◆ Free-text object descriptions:
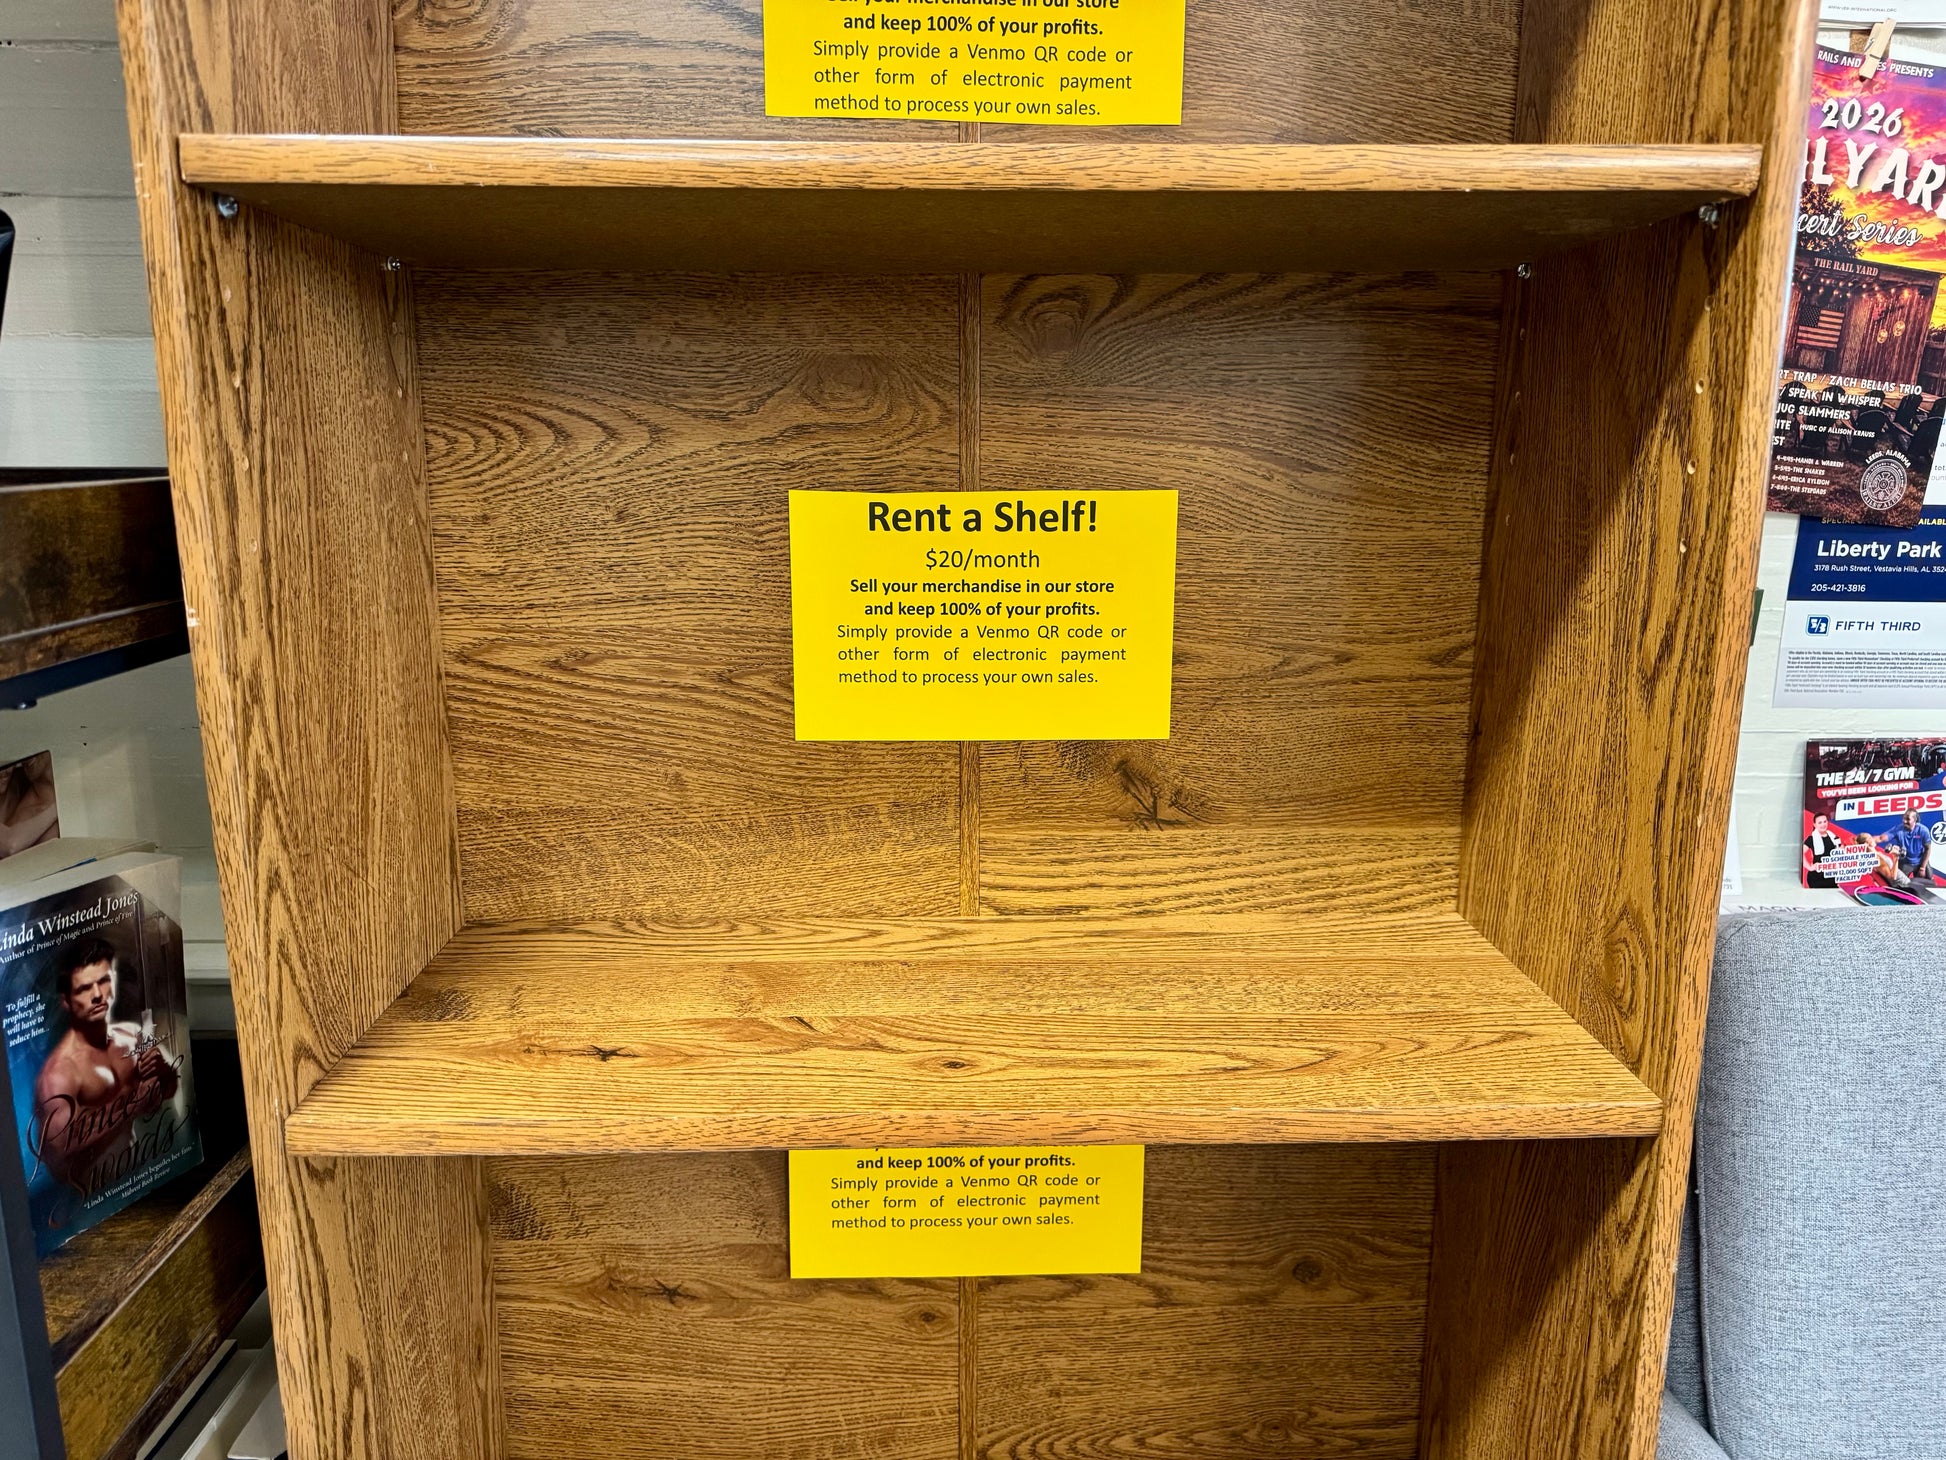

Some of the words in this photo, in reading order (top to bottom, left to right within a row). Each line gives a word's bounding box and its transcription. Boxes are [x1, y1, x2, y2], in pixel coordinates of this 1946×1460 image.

[843, 14, 874, 29] and
[881, 14, 921, 34] keep
[927, 16, 972, 31] 100%
[977, 17, 995, 32] of
[999, 22, 1038, 36] your
[1043, 19, 1102, 37] profits.
[813, 40, 868, 60] Simply
[878, 43, 940, 60] provide
[949, 48, 957, 58] a
[967, 44, 1025, 60] Venmo
[1034, 46, 1057, 62] QR
[1067, 46, 1106, 61] code
[1115, 51, 1133, 62] or
[1817, 50, 1839, 64] RAILS
[1840, 56, 1862, 68] AND
[1889, 62, 1935, 78] PRESENTS
[814, 67, 859, 82] other
[875, 68, 914, 84] form
[930, 70, 947, 85] of
[962, 70, 1043, 87] electronic
[1060, 76, 1131, 91] payment
[815, 94, 878, 110] method
[884, 97, 900, 110] to
[907, 101, 968, 114] process
[973, 102, 1011, 115] your
[1016, 103, 1050, 114] own
[1056, 100, 1099, 115] sales.
[1818, 98, 1905, 138] 2026
[1847, 213, 1924, 247] Series
[1814, 257, 1833, 269] THE
[1833, 260, 1854, 273] RAIL
[1855, 264, 1879, 277] YARD
[1793, 370, 1818, 383] TRAP
[1828, 375, 1857, 388] ZACH
[1861, 379, 1896, 393] BELLAS
[1899, 383, 1923, 396] TRIO
[1788, 387, 1818, 400] SPEAK
[1822, 392, 1833, 402] IN
[1837, 393, 1881, 408] WHISPER
[1776, 402, 1795, 414] JUG
[1798, 405, 1851, 420] SLAMMERS
[868, 502, 951, 532] Rent
[962, 510, 981, 532] a
[994, 501, 1096, 532] Shelf!
[925, 548, 1039, 571] $20/month
[1817, 540, 1891, 560] Liberty
[1896, 540, 1943, 558] Park
[1850, 565, 1872, 573] Street,
[1874, 565, 1902, 573] Vestavia
[850, 579, 877, 592] Sell
[881, 583, 917, 595] your
[922, 579, 1021, 592] merchandise
[1026, 580, 1039, 592] in
[1044, 583, 1071, 592] our
[1075, 581, 1114, 592] store
[1811, 584, 1866, 592] 205-421-3816
[864, 602, 893, 615] and
[898, 602, 934, 618] keep
[940, 603, 981, 615] 100%
[985, 602, 1002, 615] of
[1005, 606, 1041, 618] your
[1045, 602, 1099, 618] profits.
[837, 625, 887, 640] Simply
[896, 625, 952, 640] provide
[960, 629, 968, 638] a
[976, 626, 1029, 638] Venmo
[1037, 626, 1059, 639] QR
[1067, 625, 1102, 638] code
[1111, 628, 1126, 637] or
[1835, 621, 1875, 631] FIFTH
[1881, 621, 1922, 632] THIRD
[838, 647, 879, 660] other
[893, 647, 928, 660] form
[943, 647, 959, 660] of
[972, 648, 1046, 660] electronic
[1061, 649, 1126, 663] payment
[839, 670, 896, 682] method
[902, 672, 917, 682] to
[922, 674, 978, 685] process
[982, 674, 1017, 685] your
[1021, 674, 1052, 683] own
[1057, 670, 1097, 682] sales.
[1816, 772, 1845, 787] THE
[1845, 768, 1882, 785] 24/7
[1883, 766, 1915, 782] GYM
[1821, 787, 1848, 798] YOU'VE
[1848, 785, 1866, 795] BEEN
[1867, 783, 1899, 794] LOOKING
[1899, 781, 1914, 790] FOR
[1843, 802, 1855, 812] IN
[1857, 793, 1943, 816] LEEDS
[1846, 846, 1866, 854] NOW
[1838, 861, 1858, 869] TOUR
[37, 897, 102, 937] Winstead
[102, 891, 138, 919] Jones
[0, 949, 26, 964] Author
[26, 945, 36, 954] of
[36, 938, 56, 952] Prince
[55, 935, 63, 946] of
[63, 930, 82, 943] Magic
[82, 923, 95, 934] and
[96, 917, 114, 929] Prince
[114, 913, 122, 923] of
[5, 1003, 16, 1013] To
[15, 993, 35, 1012] fulfill
[36, 993, 41, 1001] a
[3, 1008, 35, 1029] prophecy,
[35, 1002, 46, 1013] she
[7, 1023, 20, 1036] will
[21, 1018, 37, 1030] have
[9, 1033, 31, 1048] seduce
[856, 1157, 883, 1168] and
[888, 1157, 922, 1170] keep
[927, 1156, 965, 1167] 100%
[969, 1155, 984, 1167] of
[987, 1158, 1020, 1169] your
[1024, 1154, 1075, 1169] profits.
[831, 1177, 877, 1191] Simply
[885, 1176, 937, 1191] provide
[945, 1179, 952, 1187] a
[960, 1176, 1009, 1187] Venmo
[1017, 1175, 1037, 1186] QR
[1045, 1174, 1078, 1185] code
[1085, 1177, 1100, 1185] or
[831, 1198, 869, 1208] other
[883, 1196, 916, 1207] form
[929, 1196, 944, 1207] of
[957, 1195, 1025, 1207] electronic
[1039, 1195, 1099, 1207] payment
[832, 1216, 886, 1228] method
[891, 1218, 905, 1227] to
[910, 1218, 962, 1229] process
[966, 1217, 997, 1228] your
[1002, 1217, 1031, 1225] own
[1036, 1214, 1073, 1224] sales.
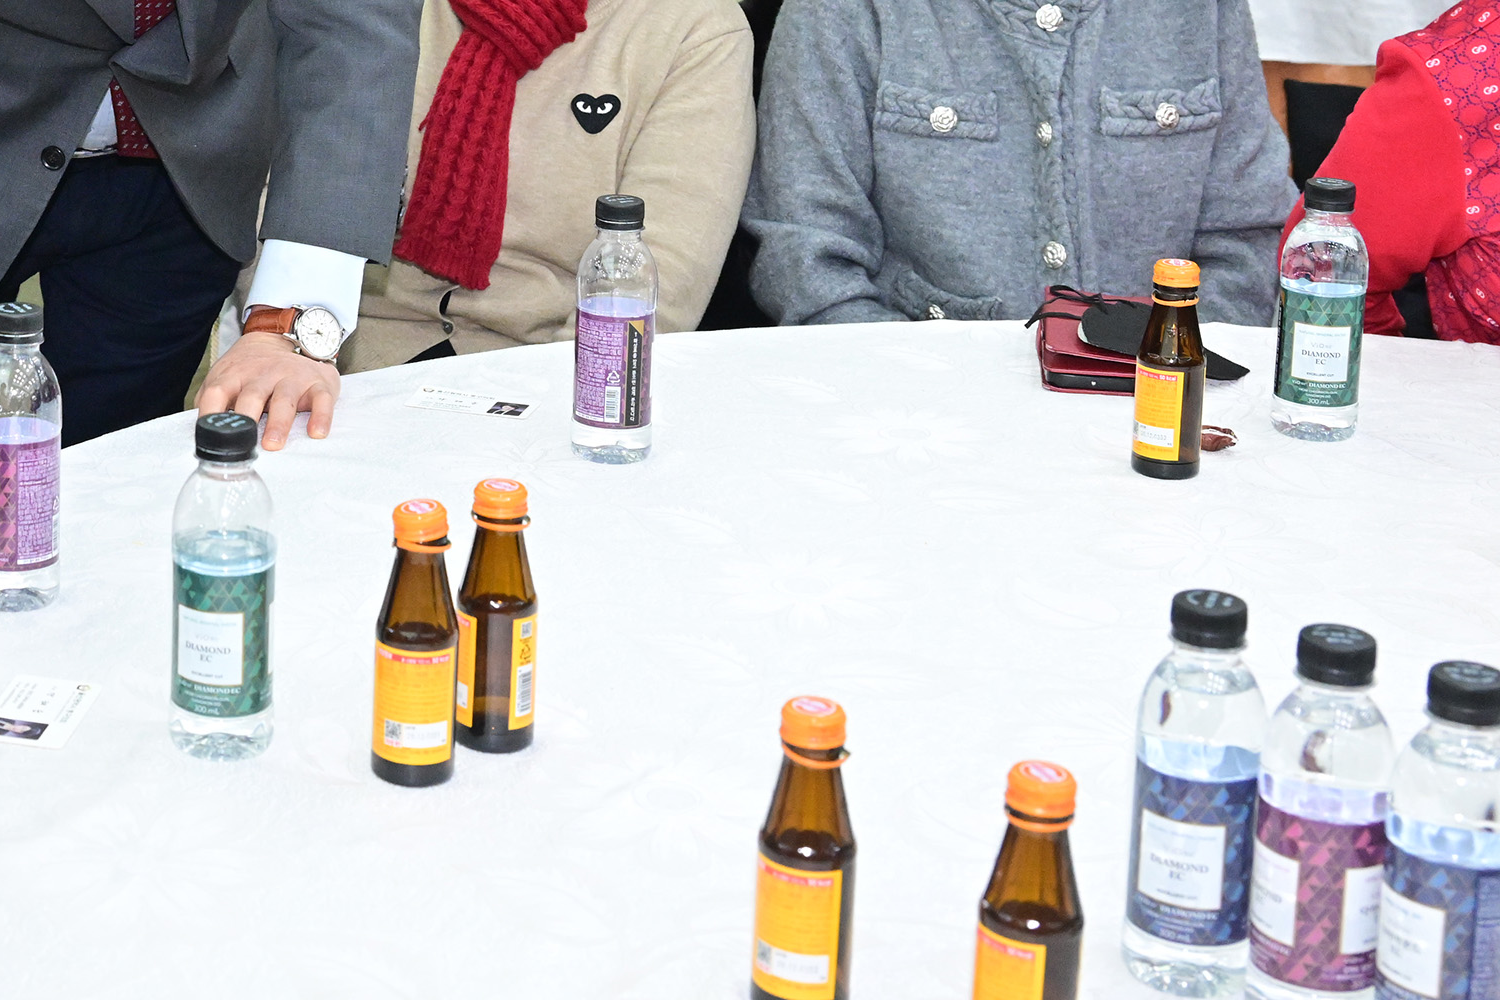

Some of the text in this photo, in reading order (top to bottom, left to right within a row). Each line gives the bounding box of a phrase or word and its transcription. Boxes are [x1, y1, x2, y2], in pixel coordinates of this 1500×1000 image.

[1302, 350, 1341, 358] DIAMOND
[186, 641, 231, 654] DIAMOND
[194, 685, 230, 694] DIAMOND
[1150, 852, 1210, 874] DIAMOND
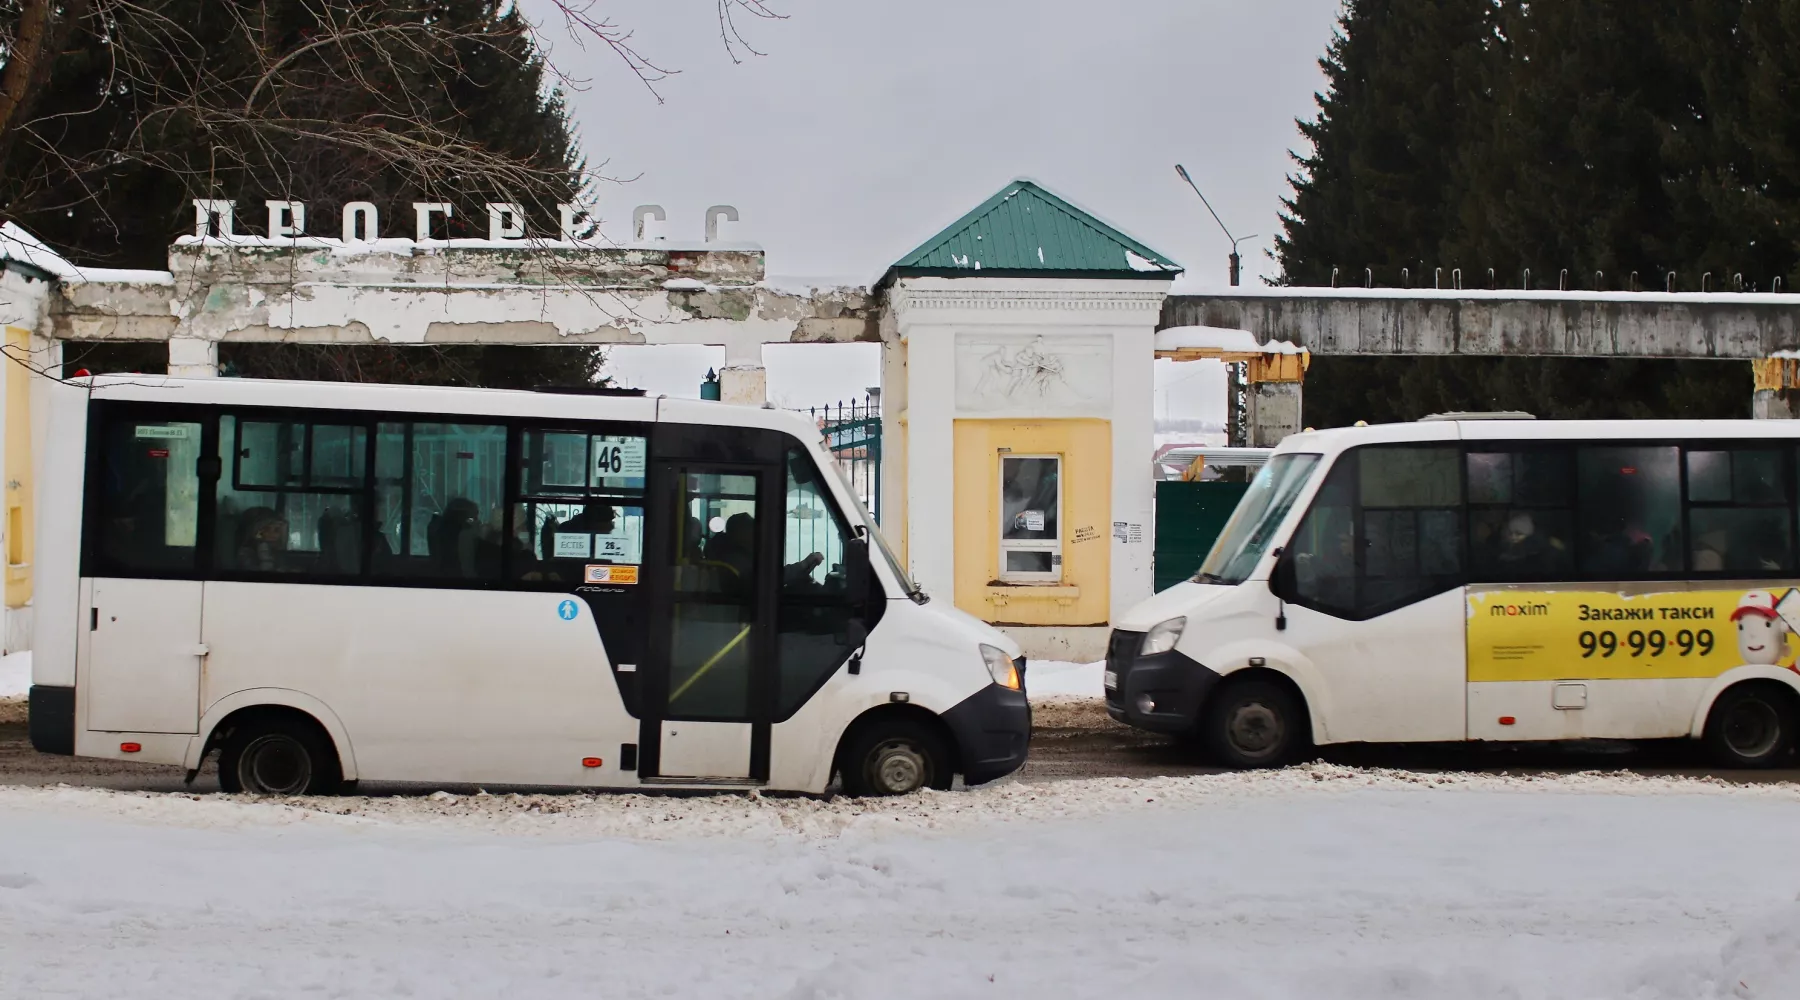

◆ Exercise instructions:
Scan the data, and report each line that uses the word "this".

◆ Exercise output:
Some of the words in this photo, in reading order (top to bottom, left to right within a row). Each line gives a word's bounding box and its transcription. Boxes are [x1, y1, x2, y2], in pixel coordinates of this 1946×1460 image.
Some of the text in this photo, in reading order (top to bottom, left to right within a row). Each line gives the bounding box of a phrase or word and its transcription. Boxes are [x1, y1, x2, y2], in pixel coordinates of this 1500×1000 image.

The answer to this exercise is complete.